This news will surprise only some: We have less to celebrate for Women’s Equality Day Saturday. Beyond notions of fairness and democratic pride, gender inequality also makes poor economic sense.
So why is the U.S. slipping backward, instead of moving up? We now rank 45 out of 144 countries on the Global Gender Gap Index – falling 17 spots in one year. Ahead of us, in addition to predictable Scandinavian nations (top four spots), and a few in Europe (Germany 13; U.K. 20), sit a few surprises. Nicaragua ranks 10th best. Most of Latin America, and some nations in Africa and Eastern Europe, have greater gender equality than the U.S.
In Idaho, according to WalletHub’s in-depth analysis measuring 15 factors — “Best & Worst States for Women’s Equality” — women fare worse than the rest of their U.S. counterparts.

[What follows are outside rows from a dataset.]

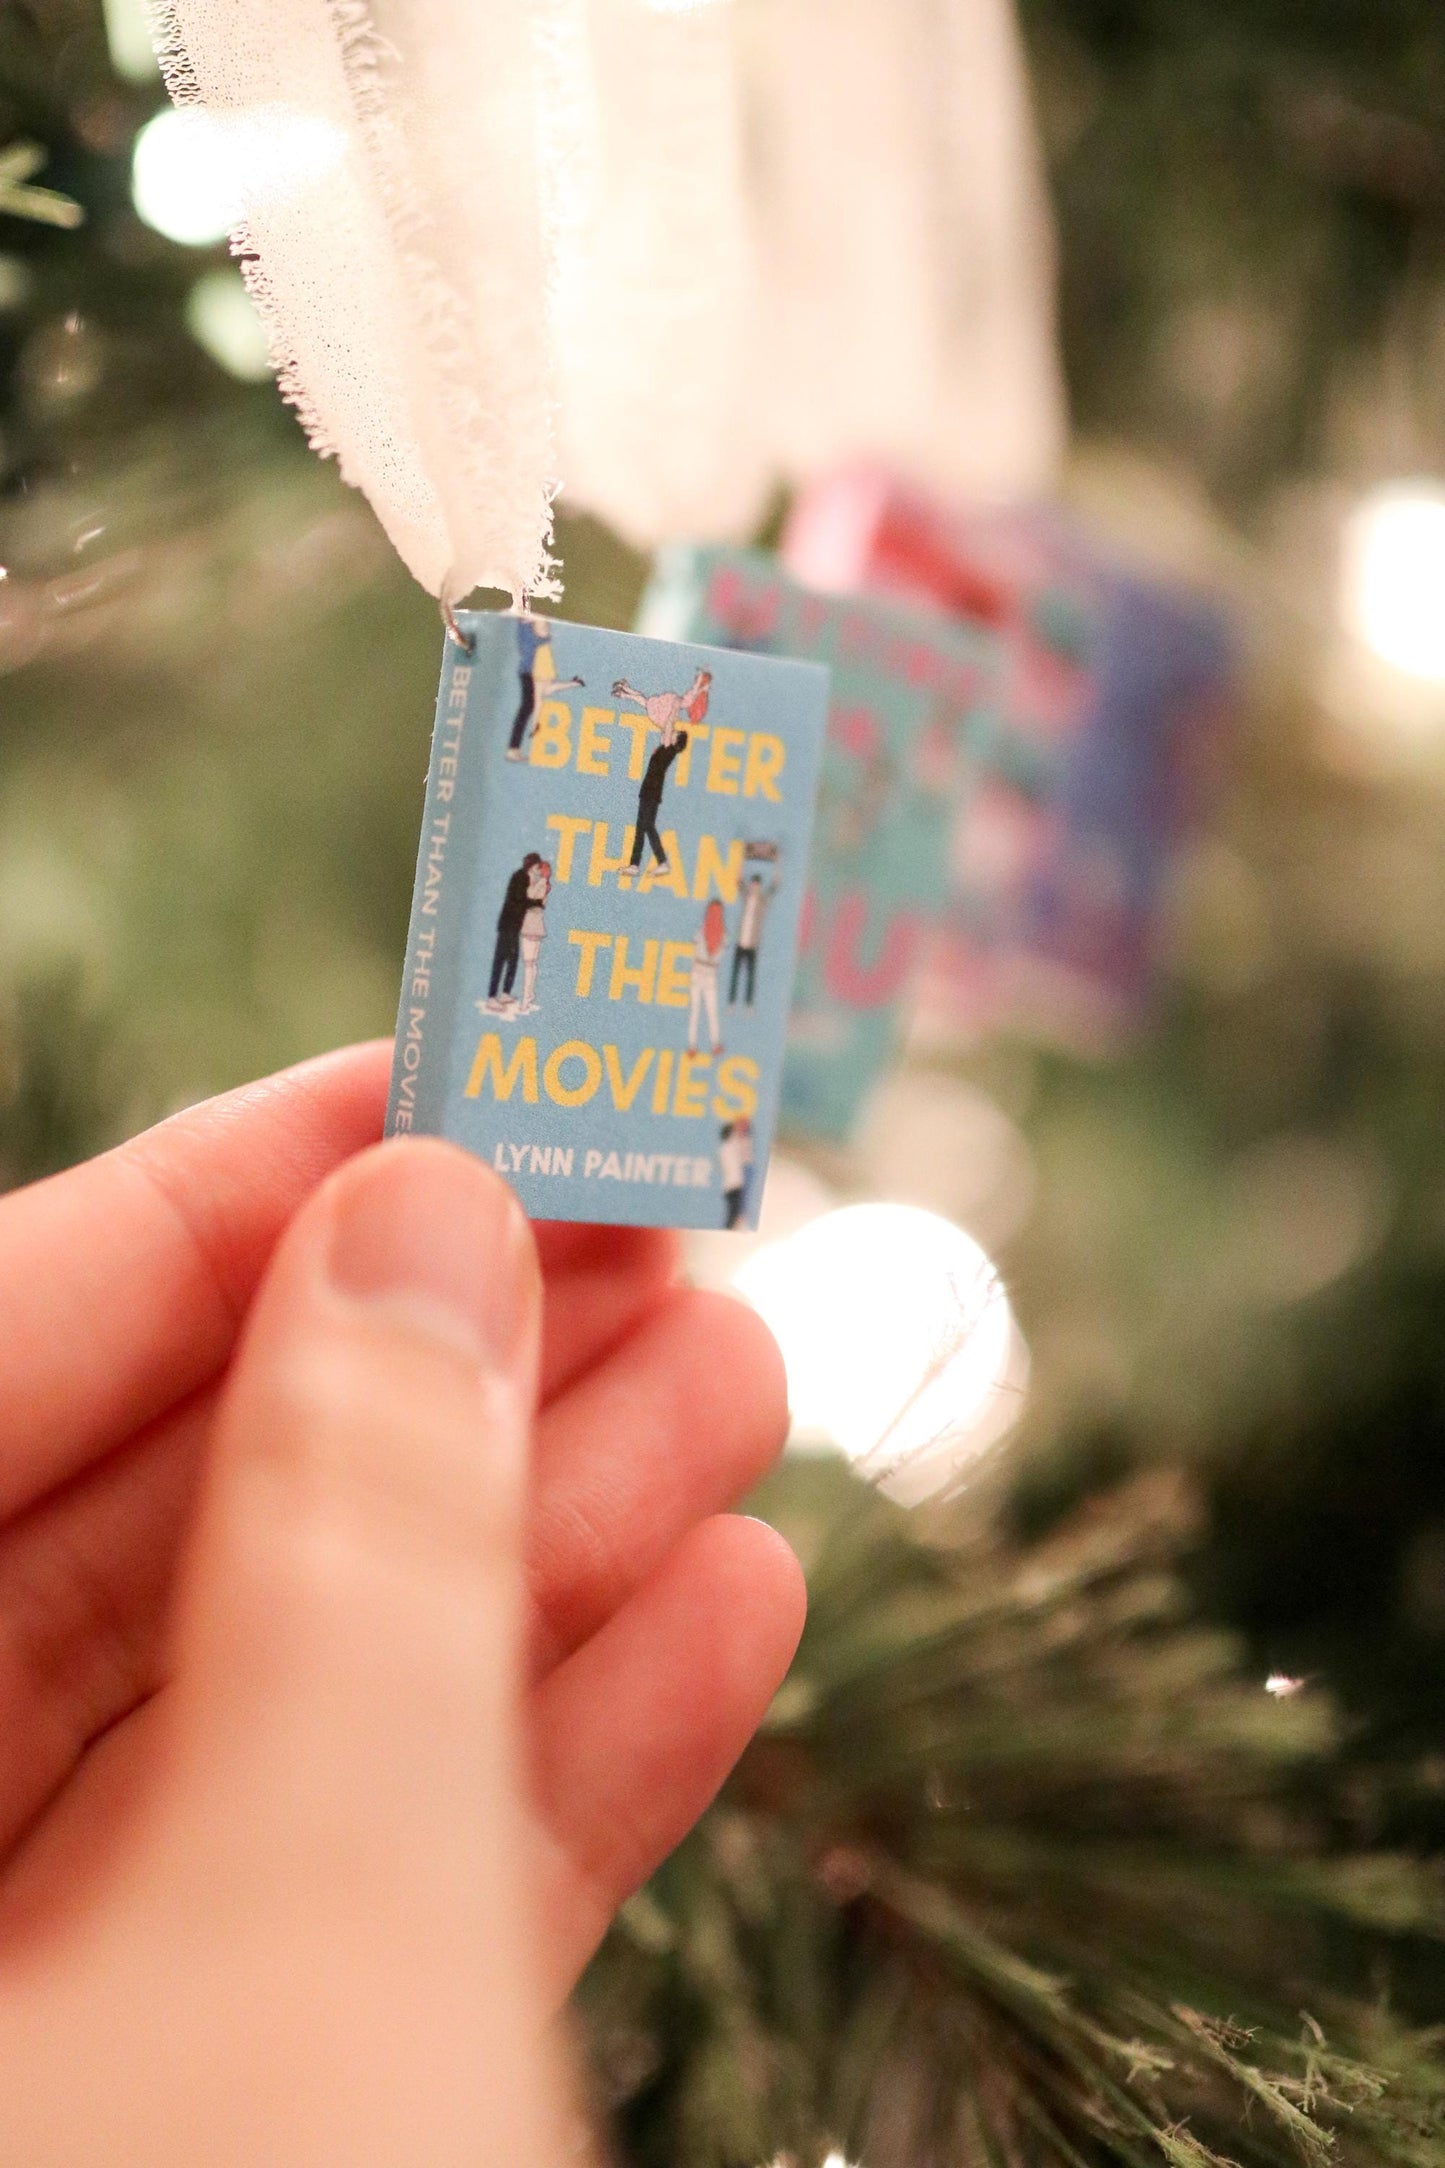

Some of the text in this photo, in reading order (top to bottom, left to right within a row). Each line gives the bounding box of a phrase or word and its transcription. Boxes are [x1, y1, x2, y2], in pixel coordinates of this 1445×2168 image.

[528, 699, 786, 802] BETTER
[394, 665, 472, 1138] BETTER THAN THE MOVIE
[546, 813, 744, 905] THAN
[567, 929, 696, 1007] THE
[463, 1032, 760, 1121] MOVIES
[494, 1142, 713, 1188] LYNN PAINTER

Idaho ranks in the bottom 10, at 42. Utah is last. The best state for women is Hawaii, where the gender pay gap is “only” 12 percent. (Wyoming’s pay gap is highest, at 31 percent less for women in the same job position). Pay is only one factor measured; other categories include political power, career mobility, education (where the U.S. ranks first), and health care.

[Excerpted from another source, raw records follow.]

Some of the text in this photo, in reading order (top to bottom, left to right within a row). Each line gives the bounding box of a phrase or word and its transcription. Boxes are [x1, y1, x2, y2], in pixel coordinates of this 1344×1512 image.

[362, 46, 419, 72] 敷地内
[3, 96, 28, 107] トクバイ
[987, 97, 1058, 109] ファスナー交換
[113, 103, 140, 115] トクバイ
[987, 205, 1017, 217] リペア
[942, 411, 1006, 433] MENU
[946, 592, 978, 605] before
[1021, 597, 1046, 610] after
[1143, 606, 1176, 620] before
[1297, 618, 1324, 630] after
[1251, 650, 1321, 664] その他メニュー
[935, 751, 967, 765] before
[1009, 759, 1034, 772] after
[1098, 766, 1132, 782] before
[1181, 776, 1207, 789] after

Idaho’s position hasn’t changed much. The nation’s sudden drop seems more alarming. According to the Center for American Progress, women make up the majority of the U.S. population and 49 percent of the college-educated labor force. Yet they constitute “only 25 percent of executive- and senior-level officials and managers, hold only 20 percent of board seats, and only 6 percent of CEOs.” The gaps are even worse for women of color.

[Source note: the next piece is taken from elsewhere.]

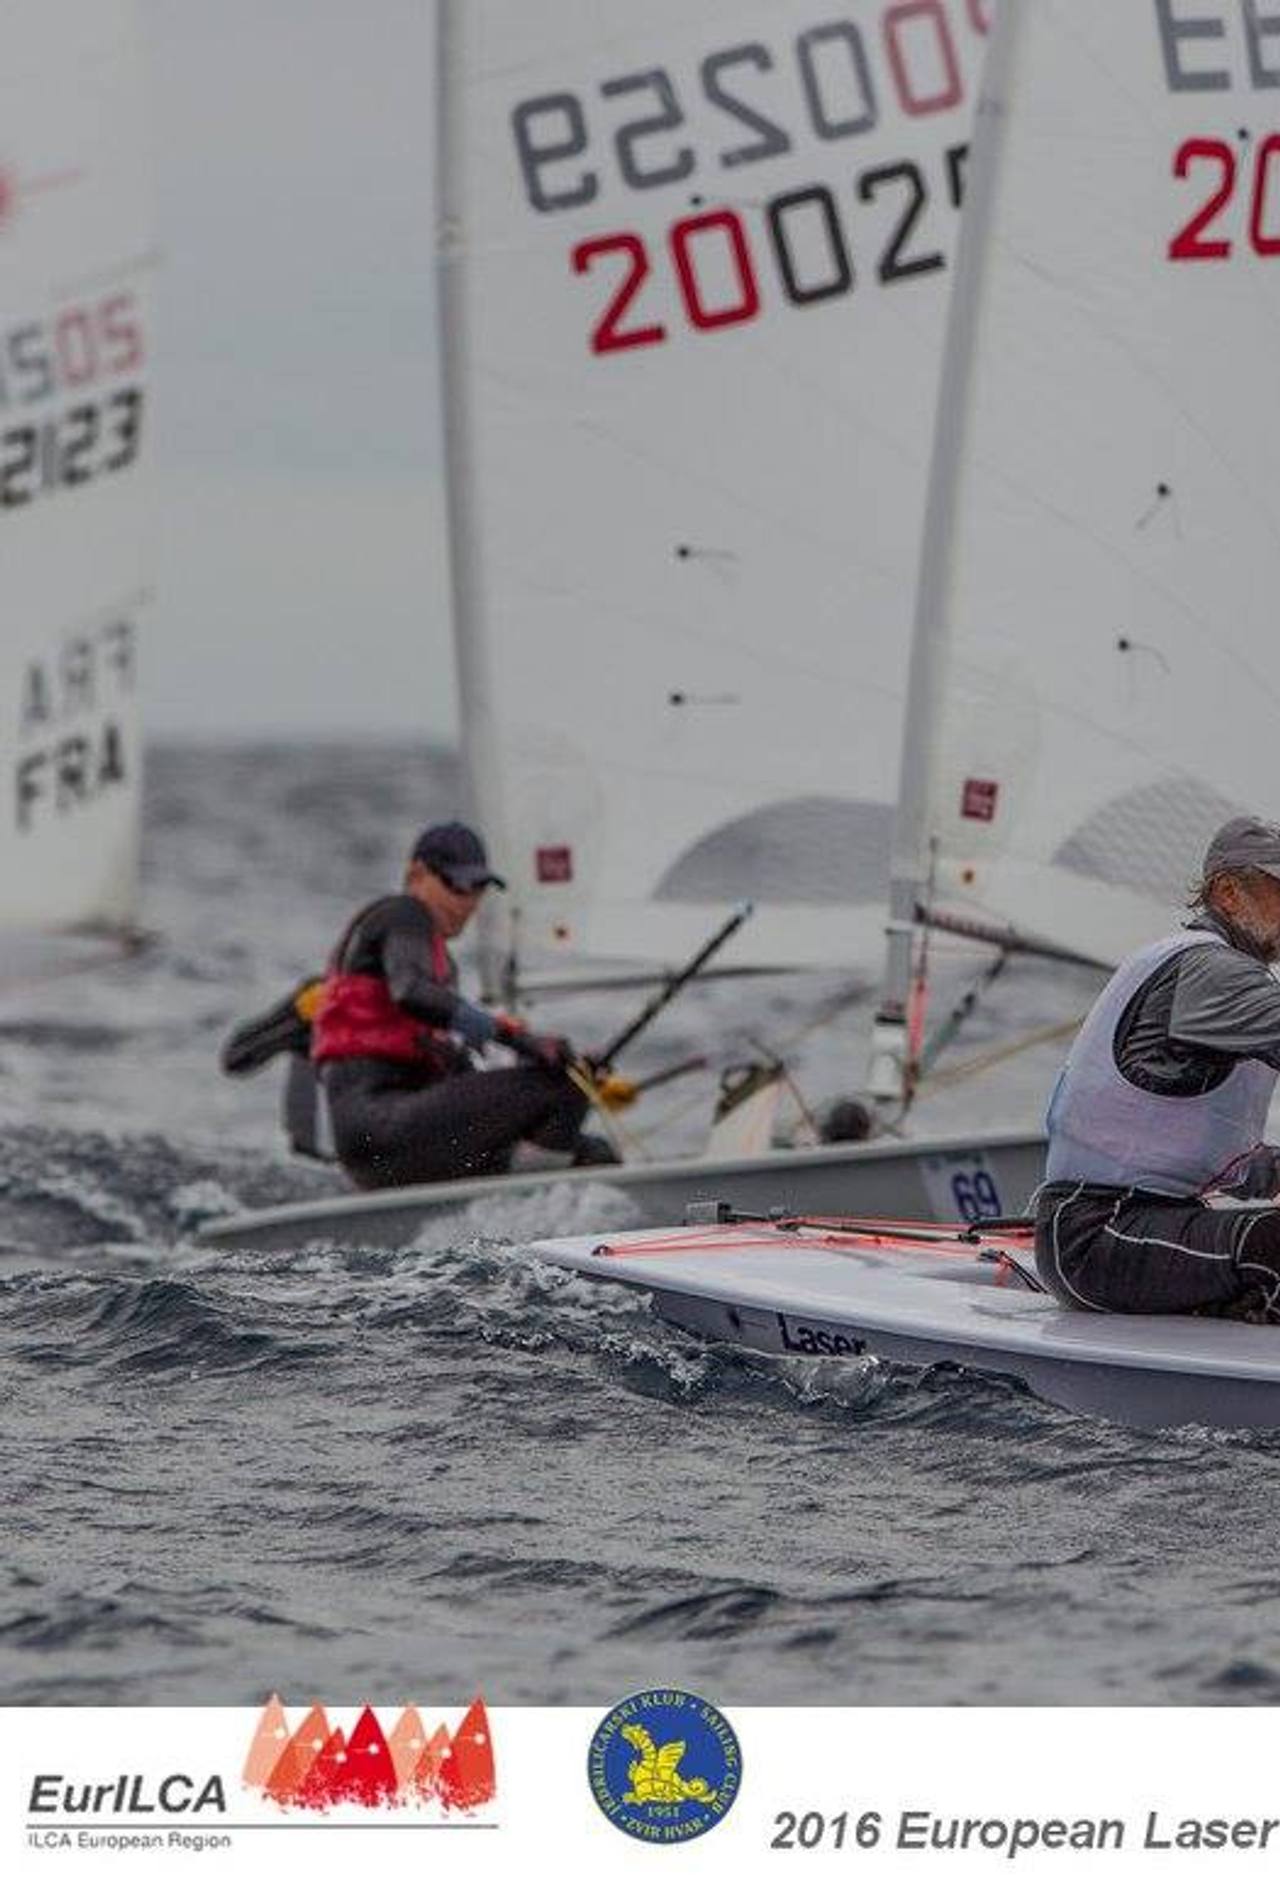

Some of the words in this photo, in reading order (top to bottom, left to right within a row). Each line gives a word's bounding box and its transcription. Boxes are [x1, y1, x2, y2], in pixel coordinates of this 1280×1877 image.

[15, 720, 125, 833] FRA
[952, 1171, 1001, 1223] 69
[776, 1311, 867, 1355] Laser

Did those numbers plummet along with our overall ranking? Are we doing something newly wrong? Probably not. Despite our dismally worse rankings in other key categories (health and survival – 62; political empowerment – 73), America’s pay gap persists, but is slightly narrowing, according to Pew Research. Experts point to the fact that other countries are advancing faster, outpacing and outperforming us.
We still have a long way to go. Out of the 144 countries in the Global Gender Gap Index this year, only 65 have had a woman in the country’s top job in the last half century. Globally, women hold an average quarter of ministerial and parliamentary/legislative positions. In the U.S. it’s even less – closer to 20 percent.
In 1971 Congress designated Aug. 26 as Women’s Equality Day, chosen to commemorate the certification of the 19th Amendment, which granted women the hard-fought right to vote in 1920.
Beyond civil rights, reducing the gender gap makes sound economic sense for any nation. According to data from the Organization for Economic Development, investment in women boosts economic development, market competitiveness, job creation, and GDP. Can we afford not to take advantage of that potential, and pick up the pace?